• _Input_
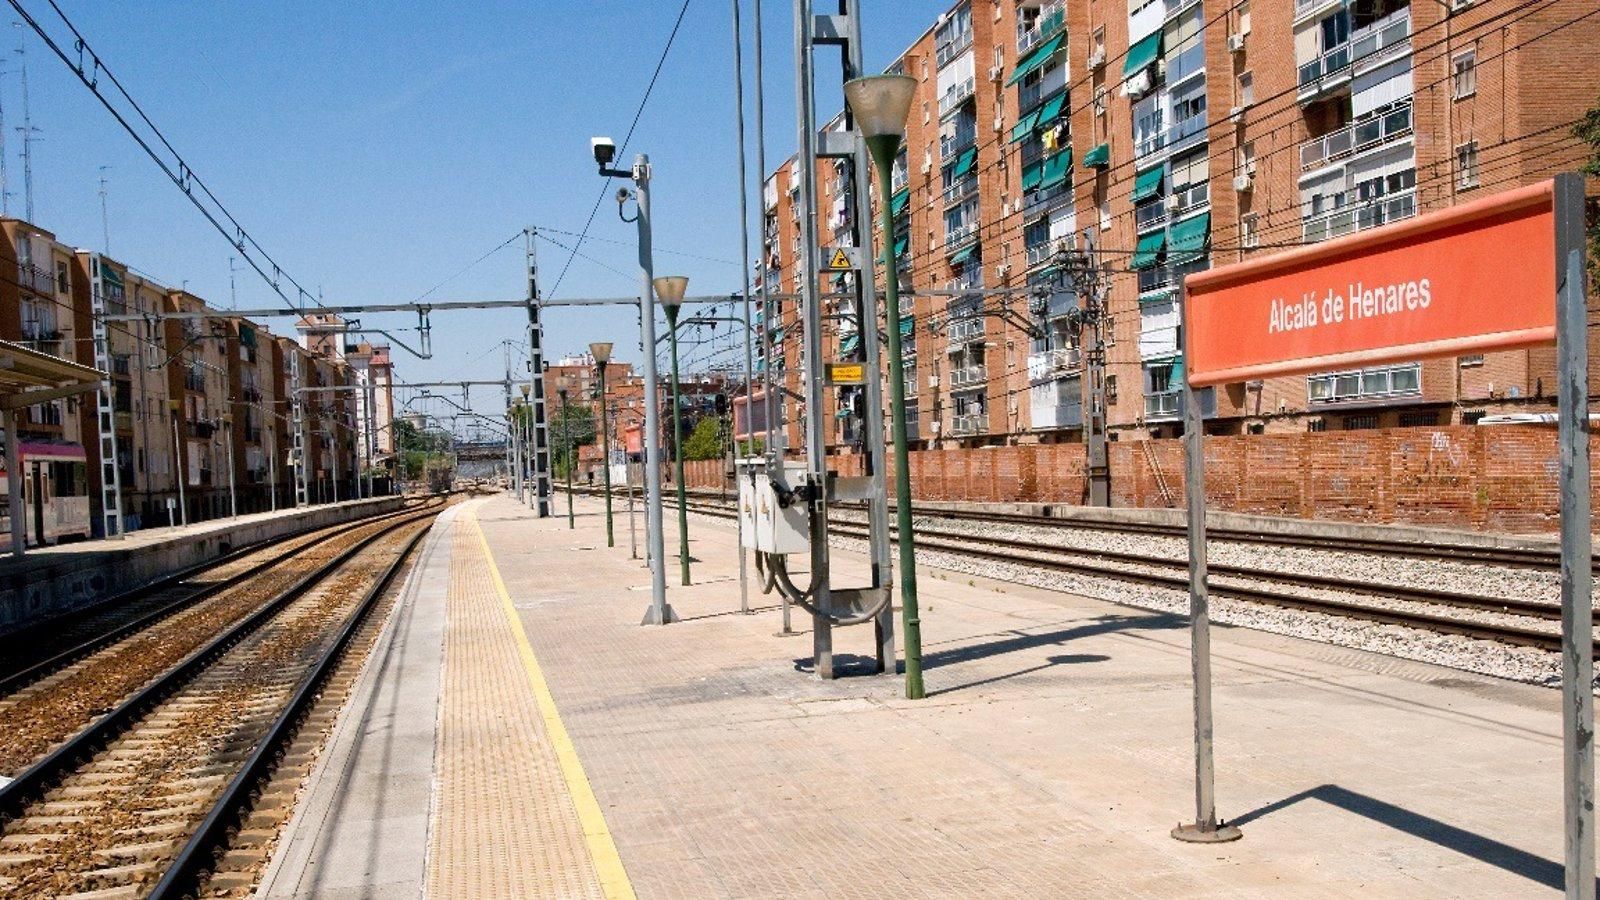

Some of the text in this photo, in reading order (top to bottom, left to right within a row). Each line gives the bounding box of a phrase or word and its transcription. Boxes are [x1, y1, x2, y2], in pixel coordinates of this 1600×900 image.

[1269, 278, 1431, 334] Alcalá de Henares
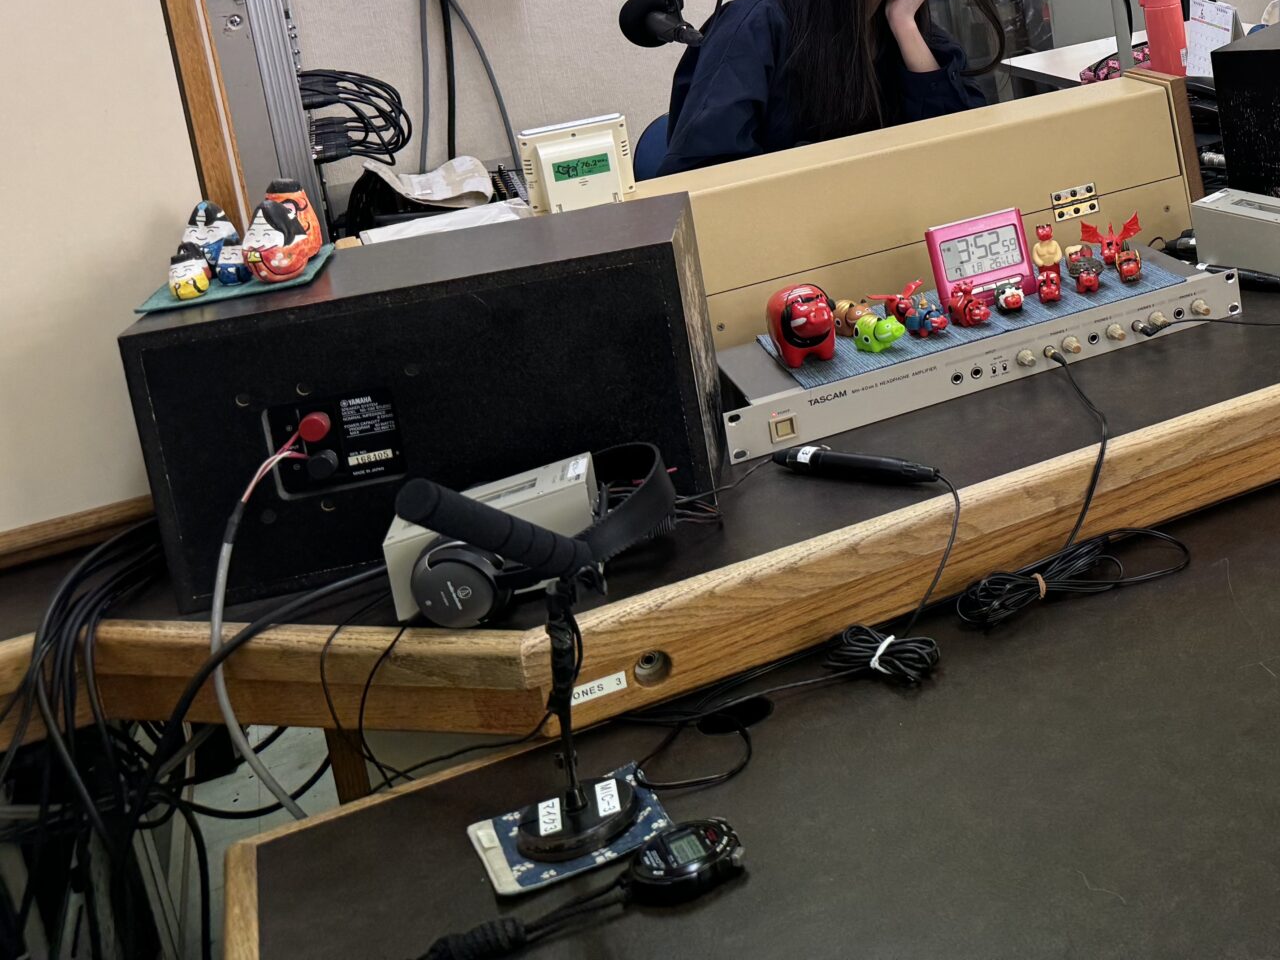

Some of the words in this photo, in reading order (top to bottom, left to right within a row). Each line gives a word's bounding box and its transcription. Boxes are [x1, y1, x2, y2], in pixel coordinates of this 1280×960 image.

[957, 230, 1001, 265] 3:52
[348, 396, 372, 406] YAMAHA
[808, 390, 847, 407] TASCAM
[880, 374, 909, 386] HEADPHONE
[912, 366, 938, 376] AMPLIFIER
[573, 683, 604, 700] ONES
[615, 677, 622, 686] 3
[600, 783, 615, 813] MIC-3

• _Task statement_
Beginning at the line where "Some of the words" appears, extract each line through the end of the data above; keep them exact and include nothing else.

• _Result of the task_
Some of the words in this photo, in reading order (top to bottom, left to right within a row). Each line gives a word's bounding box and its transcription. Boxes are [x1, y1, x2, y2], in pixel coordinates of this 1280×960 image.

[957, 230, 1001, 265] 3:52
[348, 396, 372, 406] YAMAHA
[808, 390, 847, 407] TASCAM
[880, 374, 909, 386] HEADPHONE
[912, 366, 938, 376] AMPLIFIER
[573, 683, 604, 700] ONES
[615, 677, 622, 686] 3
[600, 783, 615, 813] MIC-3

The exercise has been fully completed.